だから当時25歳のわたしは、本当にそうなのか? と縄文時代や弥生時代まで思考を戻してみました。そうすると今発掘されている土偶や埴輪は素晴らしい造形ですが、誰が作ったかというと、畑を耕して子供を育てて狩りにも行っていた一生活者でした。
当時は埴輪専門学校はなかったし、物を作る大学もなかったし、ピラミッドだって建築の大学がないときにできているし、その中のジュエリーだってジュエリー専門学校がないときに作っているわけです。だとすると、人間はみなクリエイターです。だったら私が専門の教育を受けていないからといってできない理由はないと、変な自信が湧いてきまして。
─ 確かにそうですね。
堀木 埴輪や土偶はなぜ作られたのかというと、大切な人が亡くなった時にあの世で困らないようにとか、来世で寂しくないように人の形や馬の形を作って一緒に埋めたわけです。
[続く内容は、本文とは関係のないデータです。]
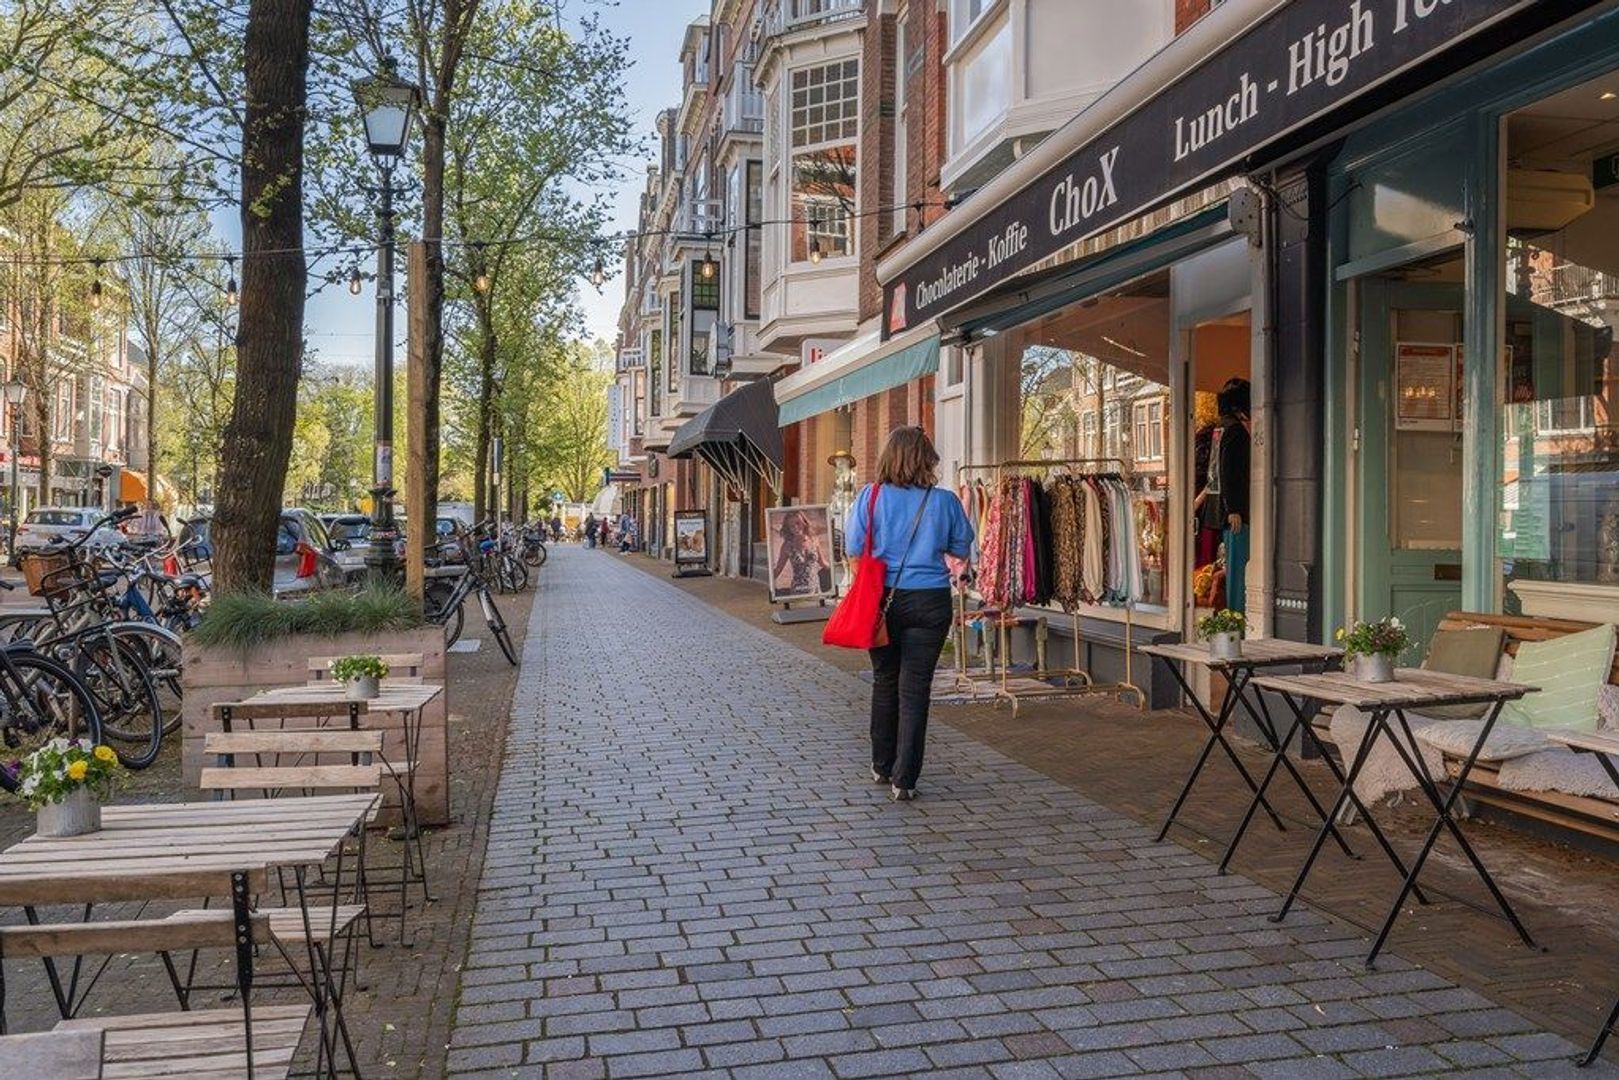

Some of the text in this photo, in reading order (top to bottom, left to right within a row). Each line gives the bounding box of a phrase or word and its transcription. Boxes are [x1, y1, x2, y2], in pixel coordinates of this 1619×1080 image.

自分が病気になったら人の形を土でこねて、身代わりに割って健康を祈っていたわけです。
こうしたことから、モノづくりの原点は自然に対する畏敬の念や、命に対する祈りの気持ちだということに気が付いたんです。
恐らく一般的に表現者というのは、自らのメッセージや想いを形にするためにものづくりをされている方が多いと思いますが、私の場合はそうではなくて、お客様の要望が先にあって、その要望に和紙の特性を活かした独自の方法で応えるという活動をしてきました。
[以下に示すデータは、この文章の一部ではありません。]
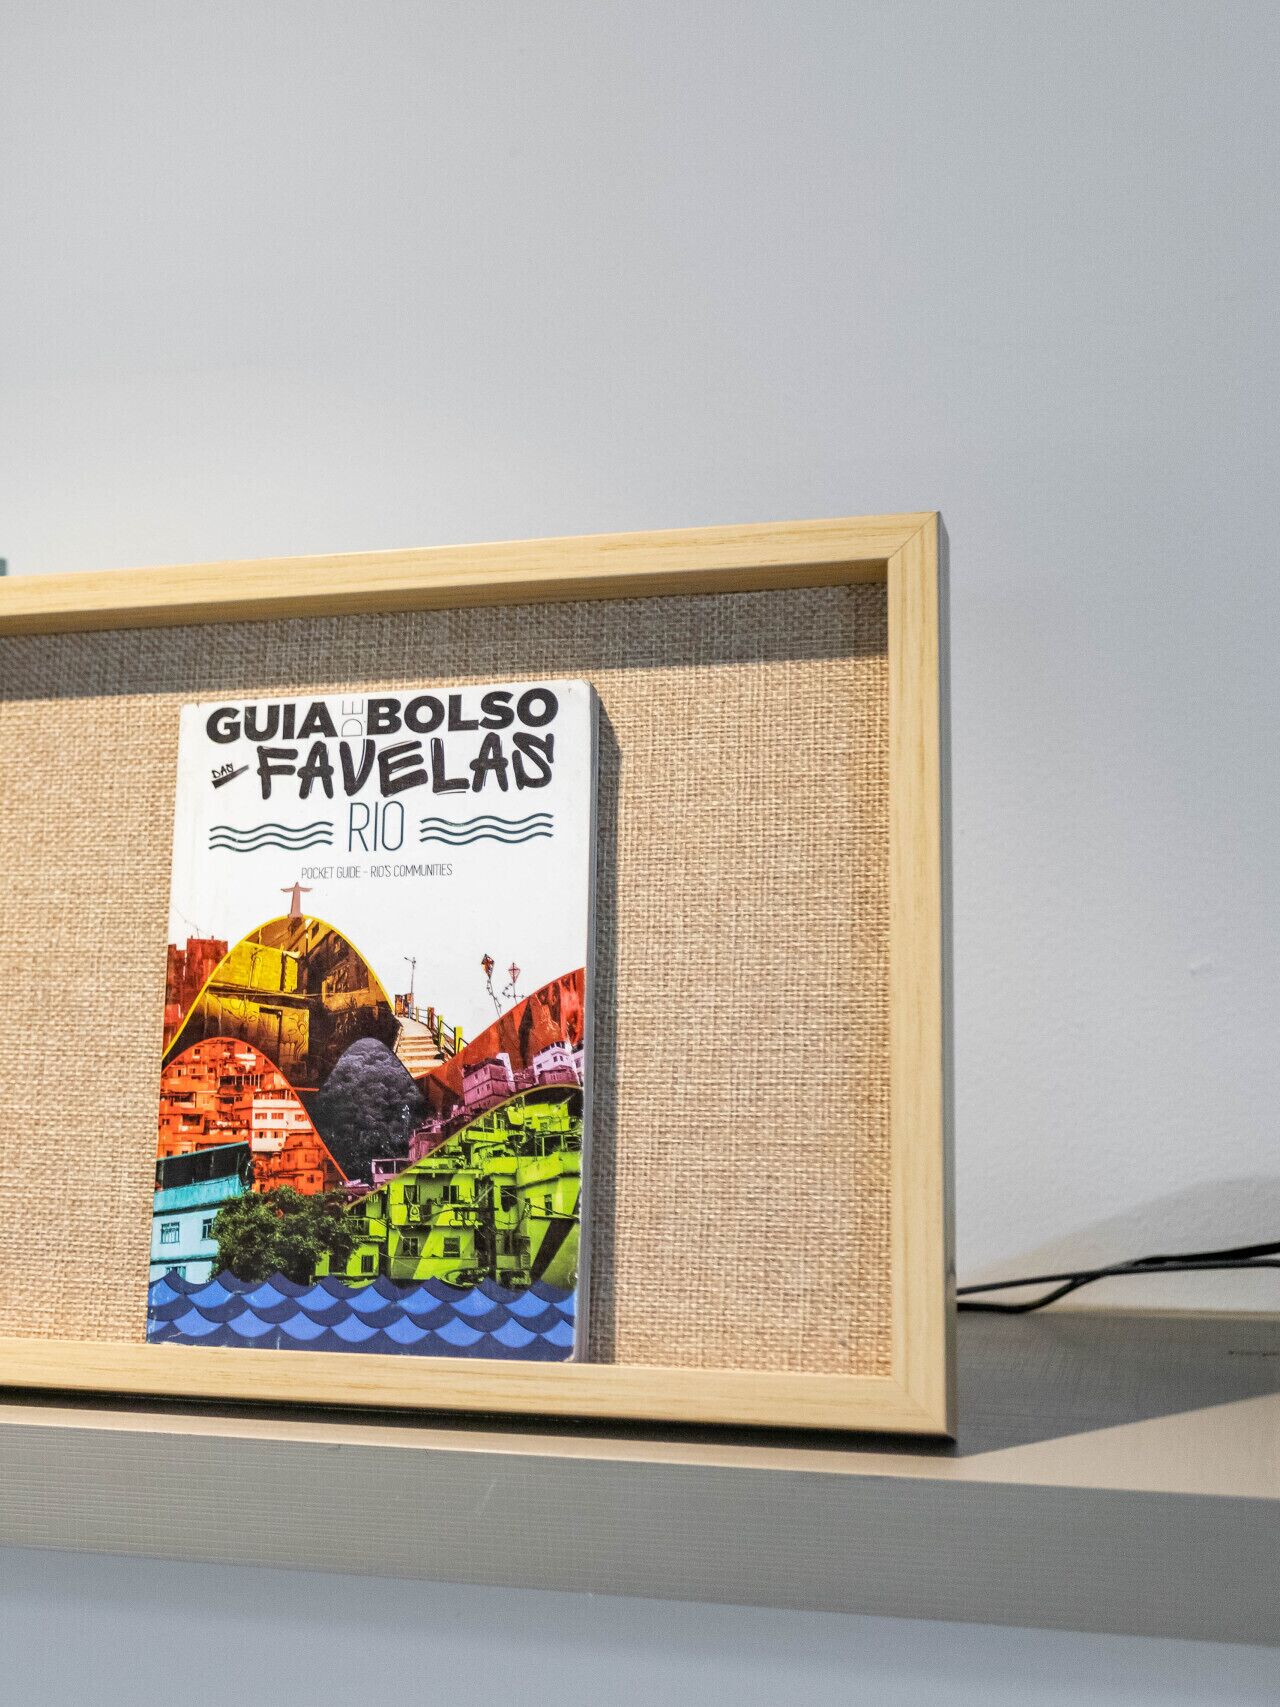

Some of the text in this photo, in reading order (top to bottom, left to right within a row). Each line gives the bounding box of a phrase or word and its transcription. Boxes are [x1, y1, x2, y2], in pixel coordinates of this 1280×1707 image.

その中で10mを1枚で漉き上げる技術や、糊や骨組みを一切使わずに立体的な和紙を作るなどの独自の技術が生まれてきました。
和紙に託されていた古来日本人の精神性
─ ある意味で常識を破りながら大きい和紙など新しい開拓をしていったんですね。
堀木 私の強みは無知であることだったんです。職人さんたちに何を言っても「できない」と言われるわけですが、わたしにはできることも、できないことも全くわからず、「なんで? こうしたらできるんじゃないの?」と、まず手を動かしてみて、職人さんに持っていくと「へたくそ貸してみろ」と解決に向かっていく。
それが新しい技術開発になり、日々のちょっとした挑戦が積み重なると、人がこれは革新だねと言ってくれるような技術になっていきました。
─ 職人さんは驚いたのではないですか。
堀木 はい。それよりも、職人さんからは、そんなものは伝統ではないと言われました。職人さんたちは、「白い紙は神に通じる」という精神性を背負っているんです。言い換えますと、白い紙は不浄なものを浄化するという考え方で、日本人が慣習としています。
私たちがいつもお祝いなどで使う白い和紙の祝儀袋にお金をいれて人に差し上げるのは、不浄とされているお金を浄化してから人に差し上げるという意味があります。
─ そういう意味があったんですね。
堀木 同じように、お歳暮などで熨斗を使うのも、品物にわざわざ白い掛け紙をして、その品物を浄化してから人に差し上げるということなんです。年末に大掃除するのも、単に障子を白い新しいものに変えるのではなくて、障子を新しくして部屋の空気を浄化して、新しい年神さまをお迎えする。お供え物を白い紙の上に置くのも同じです。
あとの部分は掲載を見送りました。